In the short term, the priority for many in the business community is the retention of Keith Stokes as executive director of the Rhode Island Economic Development Corporation.
During the campaign, Chafee was sharply critical of the EDC — particularly the loan guarantee it offered unproven video game company 38 Studios.
But keeping the economic development chief — who has strong support in the private sector and a champion in Senate President Paiva Weed — could send an important signal to the business lobby that the governor-elect will keep its interests in mind.
Development of a high-tech business sector in Providence on the land formerly occupied by Route 195 is also a priority. And there is some guarded optimism about Chafee's ability to manage that development.
That optimism owes much to Chafee's solid relationship with the incoming Providence mayor, Angel Taveras. The departing Carcieri and Cicilline administrations were not quite so cozy.
EDUCATION REFORM
It's a little remarkable, but the sexiest public policy issue in the land, these days, is education reform.
The phenomenon owes something to big-money philanthropists like Bill Gates and Eli Broad who have made a market-driven approach to overhaul — charter schools, data-driven evaluation of teachers, and the like — a defining cause.
It owes something to a Democratic establishment — from President Obama down to Rhode Island's own Smith Hill leadership — willing to do battle with the teachers unions.
And it owes something to a dynamic — and controversial — cohort of education leaders from Michelle Rhee, recently deposed from her perch atop the Washington DC schools, to the Ocean State's Deborah Gist.
But it is a movement that has its skeptics. Charter schools, after all, have a mixed record of success. And standardized testing is a flawed exercise. Chafee is among the skeptics. And his election has some in the local reform movement unsure about where the state might go from here.
Most observers say Gist, who still has three years left on her contract, will stick around.

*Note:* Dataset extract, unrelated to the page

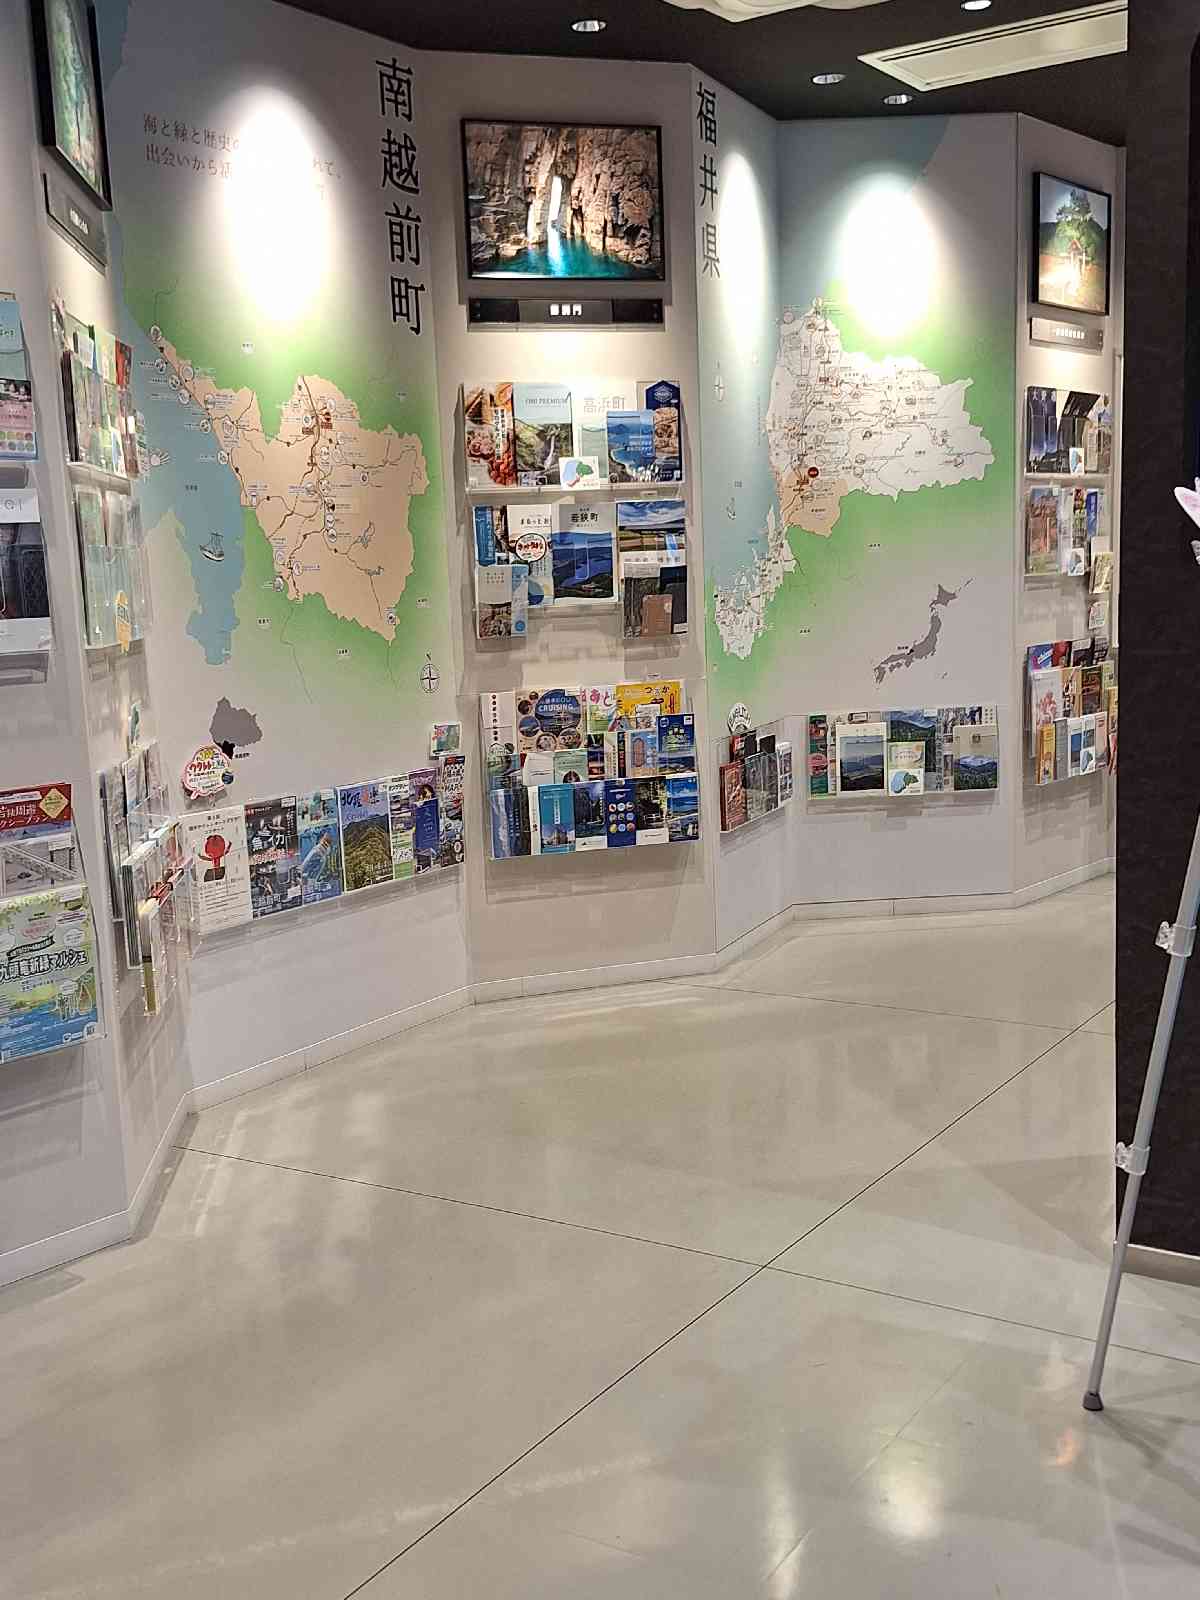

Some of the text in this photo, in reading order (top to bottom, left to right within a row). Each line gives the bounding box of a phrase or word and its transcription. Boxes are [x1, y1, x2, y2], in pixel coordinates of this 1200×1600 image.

[376, 58, 425, 335] 南越前町
[696, 82, 721, 278] 福井県

But Chafee, who had strong campaign support from reform skeptics like the National Education Association Rhode Island teachers union, is expected to make some changes to the Board of Regents for Elementary and Secondary Education, which sets policy.
Insiders say Chafee will almost certainly drop Regent Angus Davis, an important figure in the reform movement and a strong supporter of Chafee's gubernatorial rival Caprio. But what the new governor might do beyond that is unclear.
Chairman Robert G. Flanders, a strong supporter of Gist, may actually remain in place, some observers say. He and the governor-elect have a good personal relationship — Chafee, as a US Senator, recommended Flanders for a spot on the US First Circuit Court of Appeals. And in an interview with the Phoenix this week, Flanders said he would seriously consider staying in the position if Chafee asked him to serve.